There are several limitations to this study, both in its technical and conceptual approach. First, environmental sampling was conducted at a single centre, and findings may not be generalizable to other units, depending on local climate, patient census, and cleaning practices. These point prevalence surveys were conducted in a ward that was actively used for patient care and the timing of sample collection had to adjust to the demands of patient care. Our sampling events were not coordinated with cleaning times, so we are unable to determine the extent to which current cleaning practices were effective in reducing the burden of contamination.
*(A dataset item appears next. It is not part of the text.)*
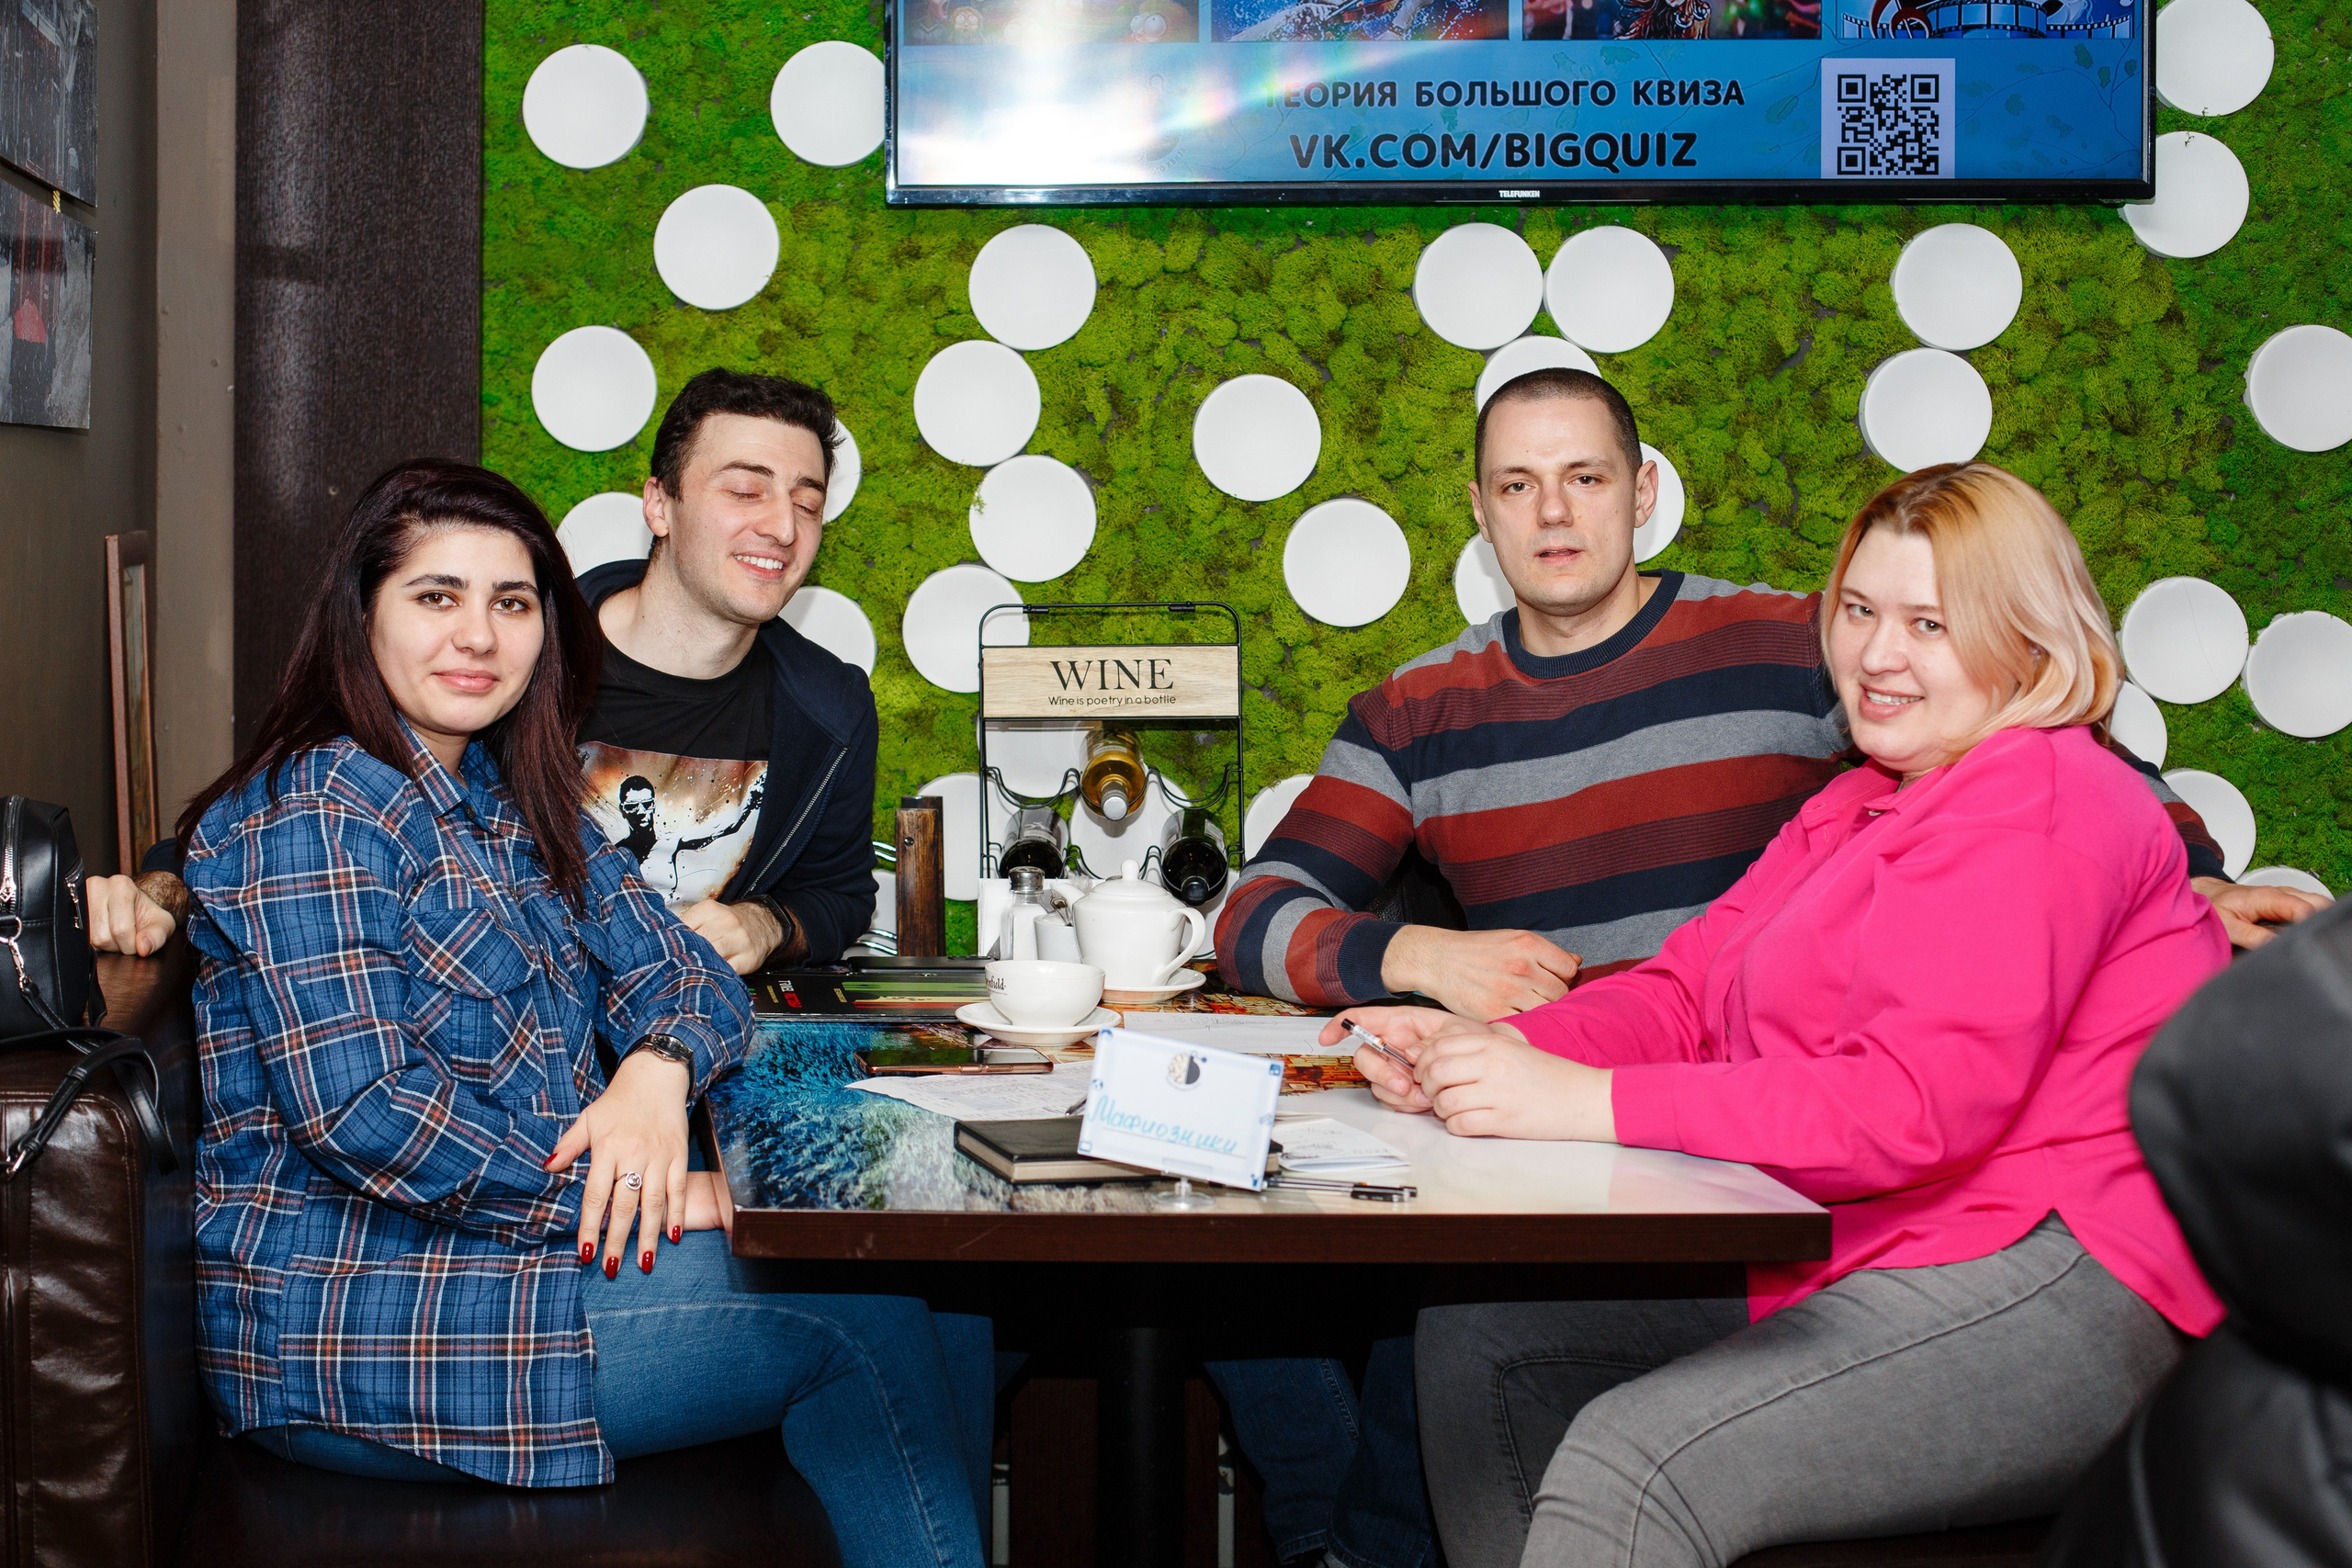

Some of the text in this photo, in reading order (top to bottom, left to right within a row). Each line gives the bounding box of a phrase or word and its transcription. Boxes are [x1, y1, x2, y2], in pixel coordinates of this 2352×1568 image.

We attempted to overcome this limitation by performing multiple sampling events and categorizing single contaminations as “transient” and repeated contaminations as “stable”. Our use of “semi-sterile” techniques could have resulted in some false-positive results due to inadvertent contamination, but again we sought to counteract these limitations through the use of serial sampling. Although the chromogenic media chosen purports inhibition of all non-ESBLs, including those producing ampC beta lactamases, the possibility of false positive results have been noted by other studies [24]. Thus, an overestimation of ESBL bioburden remains until isolates are confirmed using standard antimicrobial sensitivity methods.
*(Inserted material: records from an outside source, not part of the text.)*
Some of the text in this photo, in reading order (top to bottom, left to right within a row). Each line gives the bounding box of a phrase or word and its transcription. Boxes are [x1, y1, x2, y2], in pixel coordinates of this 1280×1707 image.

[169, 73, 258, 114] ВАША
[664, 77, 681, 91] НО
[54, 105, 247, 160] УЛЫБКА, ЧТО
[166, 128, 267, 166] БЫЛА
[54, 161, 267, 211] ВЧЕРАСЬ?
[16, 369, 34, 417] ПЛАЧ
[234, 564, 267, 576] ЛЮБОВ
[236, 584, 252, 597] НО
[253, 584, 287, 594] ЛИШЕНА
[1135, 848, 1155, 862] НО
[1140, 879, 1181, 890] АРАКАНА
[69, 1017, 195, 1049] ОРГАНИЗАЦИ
Sampling bias may have influenced our findings on the prevalence of hand carriage of potential pathogens by caregivers and healthcare workers. For example, those confident with their hand hygiene practices may have been more willing to participate, leading to an under-estimation of the true contamination rate.

This study took place in the midst of the COVID-19 pandemic, when heightened efforts to mitigate hospital transmission of Severe Acute Respiratory Syndrome Coronavirus-2 (SARS-CoV-2) were in place. In comparison to pre-pandemic practices, hand hygiene was enforced more strictly and soap and ABHR were more readily available. These important measures may have contributed to an overall decreased bacterial bioburden, particularly on the hands of healthcare workers and caregivers.
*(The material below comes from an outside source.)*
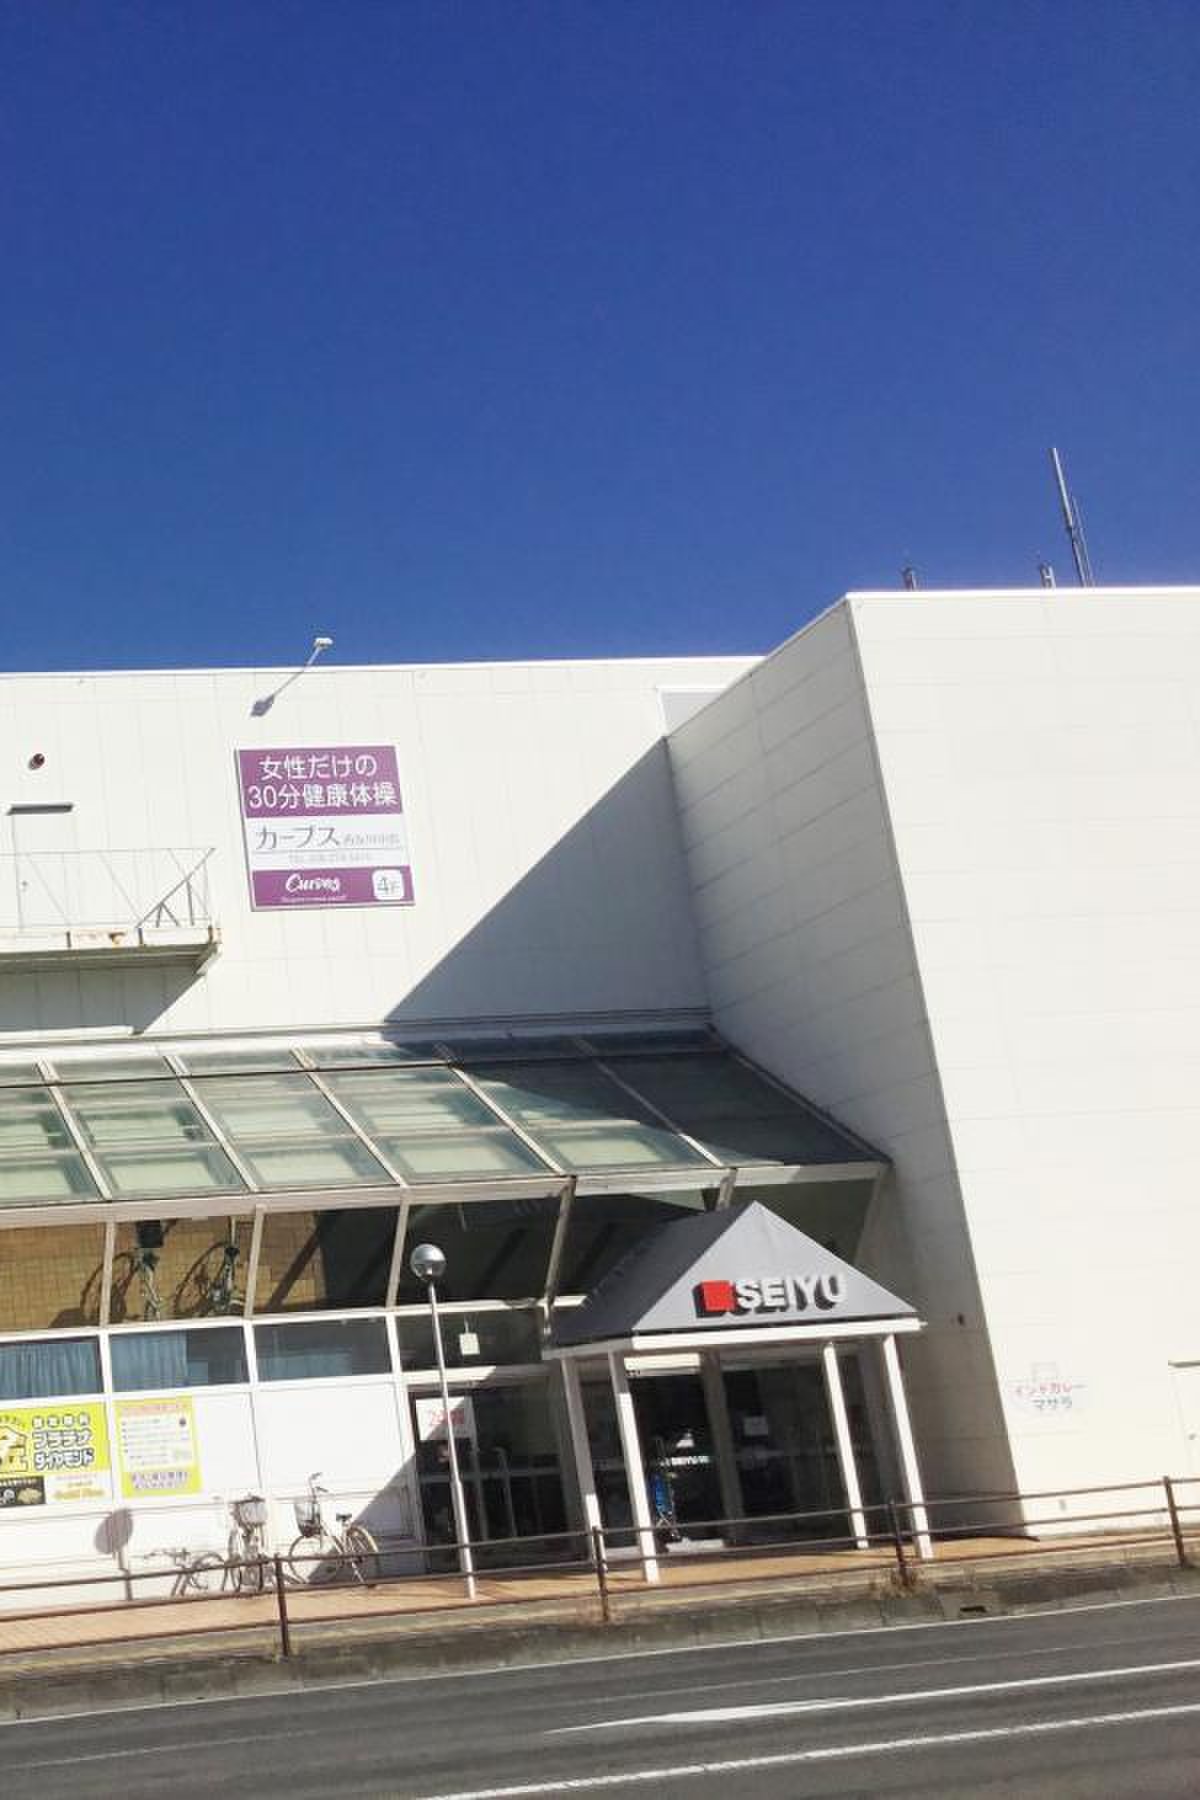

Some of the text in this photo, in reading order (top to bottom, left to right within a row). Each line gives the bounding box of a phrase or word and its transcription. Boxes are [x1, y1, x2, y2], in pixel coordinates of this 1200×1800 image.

[259, 754, 377, 781] 女性だけの
[248, 782, 398, 809] 30分健康体操
[735, 1273, 847, 1310] SEIYU
We are unable to confirm that the identified environmental contamination contributed to concurrent clinical infections. In future studies, whole genome sequencing can help to establish true transmission pathways.

Despite these limitations, this simple environmental sampling technique might be a feasible way in which neonatal and other high-risk units facing hyper-endemic rates of ESBL infections can better understand the nature of contamination and transmission dynamics in their unit. Further, it might help catalyse the implementation of infection control measures targeting defined reservoirs and suspected transmission pathways. The temporal link between increased recovery of Acinetobacter spp. from the environment and increased incidence of Acinetobacter infections hospital-wide is an anecdote of the importance of timely and reliable environmental sampling as an important outbreak response tool. This sampling method may also be pivotal in trialling and measuring the impact of novel remediation and prevention strategies. For example, neonatal units who have identified sinks as stable ESBL reservoirs should consider removing sinks and implementing “water-free” care for ICU patients [19], placing sink covers [25], or implementing anti-microbial alloys, such as copper, which has been shown to reduce microbial burden in NICUs [26]. This environmental sampling technique can be used to test microbial burden before and after implementation of these infection control interventions and track bioburden overtime.

Conclusion

In conclusion, basic environmental sampling and laboratory techniques aided by chromogenic culture media are sufficient to identify ESBL reservoirs and transmission vehicles and may be used in similar settings to support ongoing infection control assessments and outbreak investigations. More research is needed to understand the role of the environment in influencing risk of ESBL colonization and disease in neonates.